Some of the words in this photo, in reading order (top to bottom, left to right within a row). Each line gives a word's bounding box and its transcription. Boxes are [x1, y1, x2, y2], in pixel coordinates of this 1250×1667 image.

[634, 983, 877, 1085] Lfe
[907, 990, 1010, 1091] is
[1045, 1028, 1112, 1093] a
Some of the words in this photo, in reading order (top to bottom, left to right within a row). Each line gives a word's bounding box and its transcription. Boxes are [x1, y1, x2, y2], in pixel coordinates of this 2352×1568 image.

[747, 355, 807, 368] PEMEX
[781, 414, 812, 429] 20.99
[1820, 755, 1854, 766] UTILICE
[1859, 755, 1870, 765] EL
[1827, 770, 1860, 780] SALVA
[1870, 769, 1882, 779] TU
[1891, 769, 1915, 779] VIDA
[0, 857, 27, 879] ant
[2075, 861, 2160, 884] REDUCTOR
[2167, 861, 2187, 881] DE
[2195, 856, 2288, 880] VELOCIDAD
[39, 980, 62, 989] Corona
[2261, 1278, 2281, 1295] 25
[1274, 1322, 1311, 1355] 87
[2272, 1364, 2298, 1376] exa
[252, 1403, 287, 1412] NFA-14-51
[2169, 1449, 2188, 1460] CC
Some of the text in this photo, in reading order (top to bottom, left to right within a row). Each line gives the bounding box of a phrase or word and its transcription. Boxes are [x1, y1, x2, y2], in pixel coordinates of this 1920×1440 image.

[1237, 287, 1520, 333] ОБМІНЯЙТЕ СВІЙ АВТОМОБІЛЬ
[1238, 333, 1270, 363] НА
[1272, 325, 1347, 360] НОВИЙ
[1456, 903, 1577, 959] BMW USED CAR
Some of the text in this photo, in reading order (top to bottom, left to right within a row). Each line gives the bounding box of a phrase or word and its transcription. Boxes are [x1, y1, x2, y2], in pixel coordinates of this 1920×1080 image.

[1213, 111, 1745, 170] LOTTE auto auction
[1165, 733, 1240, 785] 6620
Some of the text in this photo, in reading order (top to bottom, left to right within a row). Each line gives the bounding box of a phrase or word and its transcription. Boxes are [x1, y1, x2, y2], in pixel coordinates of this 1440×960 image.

EXERCISE
The requested output is the line holding "this 1920×1080 image." and every line after it up to the last line of the listing, exactly, with nothing else.

SOLUTION TO THE EXERCISE
Some of the text in this photo, in reading order (top to bottom, left to right within a row). Each line gives the bounding box of a phrase or word and its transcription. Boxes are [x1, y1, x2, y2], in pixel coordinates of this 1920×1080 image.

[1213, 111, 1745, 170] LOTTE auto auction
[1165, 733, 1240, 785] 6620
Some of the text in this photo, in reading order (top to bottom, left to right within a row). Each line gives the bounding box of a phrase or word and its transcription. Boxes are [x1, y1, x2, y2], in pixel coordinates of this 1440×960 image.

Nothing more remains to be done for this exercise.